Es mag paradox klingen, aber oft ist es gar nicht so sinnvoll, Menschen ohne wissenschaftlichen Hintergrund mit wissenschaftlichen Fakten überzeugen zu wollen. Statt “Hier ist eine andere Studie” ist also der Klassiker der hier:
Das sehe ich oft in Kommentarsektionen, und ich glaube es funktioniert. Wir haben bereits festgestellt, dass die wenigsten User die Links wirklich lesen, die man ihnen gibt. Und ohne Quellen “Wissenschaftler sagen was Anderes” zu schreiben ist auch irgendwie unbefriedigend. Aber “Alle Virologen arbeiten daran, aber du weißt es natürlich” - das zieht. Das kann jeder ohne viel Denkaufwand nachvollziehen. Alle Experten glauben etwas, aber irgendwelche Internet Randoms wissen Bescheid? Glaub ich nicht.
“Du glaubst ja nicht wirklich, dass …” oder überspitzte Zuschreibungen zu den Meinungen der anderen Seite - das geht so gut wie immer.
#7: Nutze die eine Schwäche, die jedes Verschwörungs-Weltbild hat
Alle oben aufgezählten Punkte haben eines gemeinsam: Sie basieren auf einem geschlossenen Weltsystem. Versucht man, einem Klimawandel-Leugner Studien zu zeigen, sind die Wissenschaftler “gekauft”. Die profitieren ja von ihrer Arbeit! Arg, dass die mit ihrem Beruf Geld verdienen, oder? Genau. MUSS falsch sein.
Die wenigsten denken diese Theorien aber zu Ende.
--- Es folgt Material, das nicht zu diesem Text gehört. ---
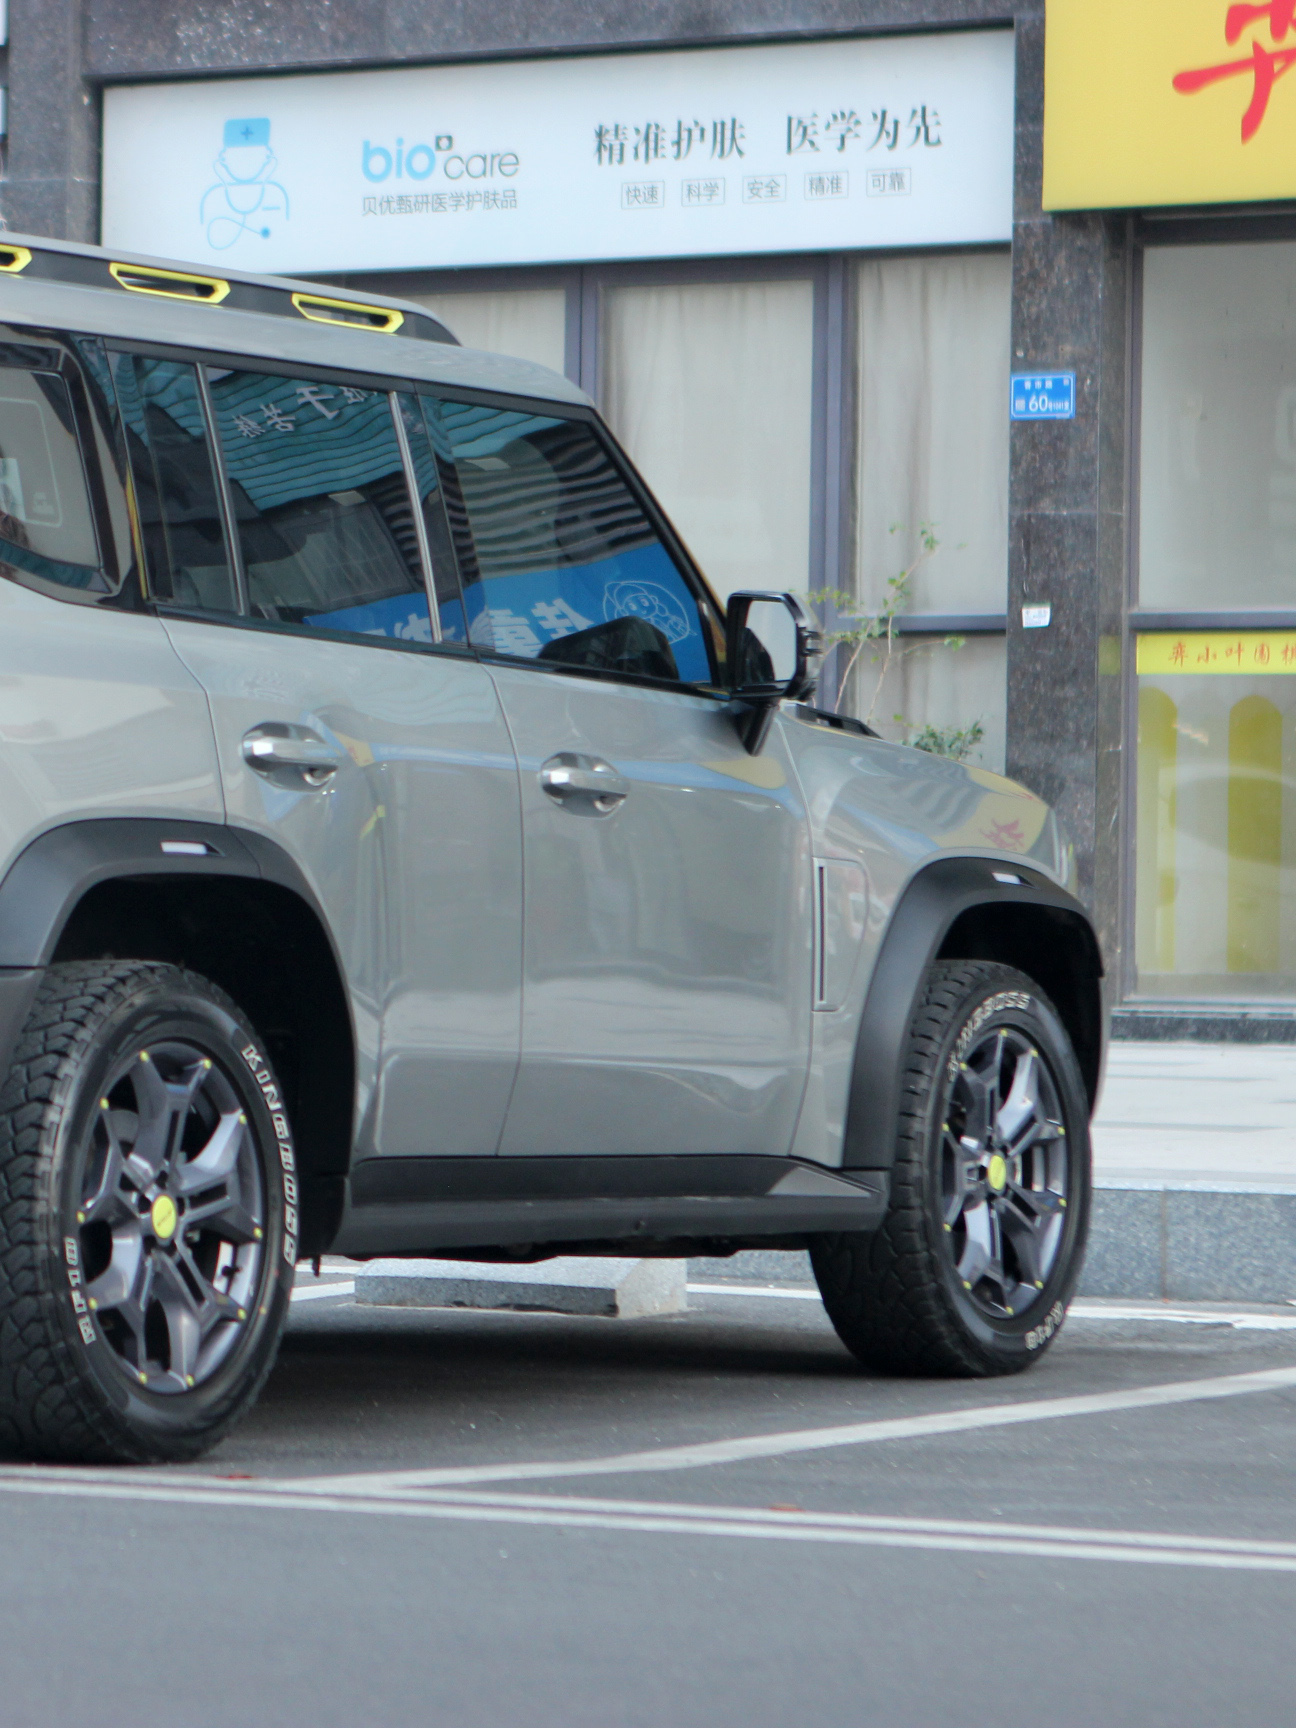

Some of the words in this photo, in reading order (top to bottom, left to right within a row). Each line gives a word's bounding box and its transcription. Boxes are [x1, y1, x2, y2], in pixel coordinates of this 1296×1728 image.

[594, 116, 747, 166] 精准护肤
[785, 105, 944, 155] 医学为先
[685, 182, 720, 203] 科学
[747, 179, 781, 199] 安全
[807, 175, 842, 196] 精准
[871, 171, 906, 193] 可靠
[362, 189, 518, 216] 贝优甄研医学护肤品
[625, 185, 659, 205] 快速
[241, 1043, 301, 1267] KINGBOSS
Denn im Endeffekt läuft sie darauf hinaus, dass alle Politiker der Welt lügen - und so viel kann man mit etwas Erfahrung aus dem eigenen Land noch meistens abdecken -, und alle Wissenschaftler der Welt sie decken. Jeder einzelne Mensch, der daran arbeitet, Antworten zu findet, wird gekauft. Bei Corona betrifft das auch alle Ärzte. Die Wahrheit ist da draußen, sie verbirgt sich in dubiosen Blogs ohne Impressum und YouTube-Videos von Menschen ohne Hintergrundwissen in dem Gebiet - aber alle Ärzte und Wissenschaftler, alle Politiker aller Länder und Parteien, alle Journalisten, alle Geheimdienste und Polizisten, kurzgesagt: alle stecken da mit drin. Und du bist ein Schaf und glaubst ihnen noch!
Wie viele Leute müssen dicht halten, um eine Pandemie zu inszenieren, nur um dir einen Scheiß-Chip einzuimplantieren, obwohl man dich eh einfach mit dem Smartphone orten kann? Und wie viele müssen erst still sein, um den “Klimawandel-Hoax” aufzudecken? Wir haben auch durch die globale Überwachung durch die NSA erfahren, weil es ab einer gewissen Anzahl von Beteiligten einfach immer einen Edward Snowden geben wird. Wo ist der Snowden der Corona-Leugner? Richtig - es gibt keinen Beweis für ihre Behauptungen.
Die meisten werden dann darauf verweisen, dass es “genug Ärzte” gibt, die ihre Thesen “belegen”. Ab da gewinnt die Quellenkritik. Glatzköpfige Ärzte in Pension über 80, die ihre Infowars-Nachrichten auf YouTube widergeben, kann man leicht mit seriösen Quellen und Studien kontern. (Hier zum Beispiel eine dazu, dass Masken wirken.)
Und noch ganz generell: Cool bleiben.
Das ist nicht wirklich eine Strategie, aber doch eine generelle Regel für Diskussionen - online wie offline. Gerade, wenn man selbst einigermaßen sachlich bleibt und noch das ein oder andere Emoji dazugibt, kann das Verschwörungs-Spinner schnell so reizen, dass sie persönlich untergriffig werden. Das Bussi-Emoji 😘 triggert junge Männer, die sehr von ihrem Standpunkt überzeugt sind, besonders hart und ist nur passiv-aggressiv, ich kann es nur empfehlen.
Zur Erinnerung nochmal: Im Endeffekt geht es bei Diskussionen immer um die Mitlesenden. Und wenn man selbst cool bleibt und sich von Trotteln nicht den Tag versauen lässt, ist in dieser Hinsicht schon viel gewonnen. Andere können ihre Nerven gerne wegschmeißen, aber selbst sollte man immer cool bleiben. Und wenn es irgendwann zu dumm oder zu anstrengend wird: Man kann und muss nicht alle retten.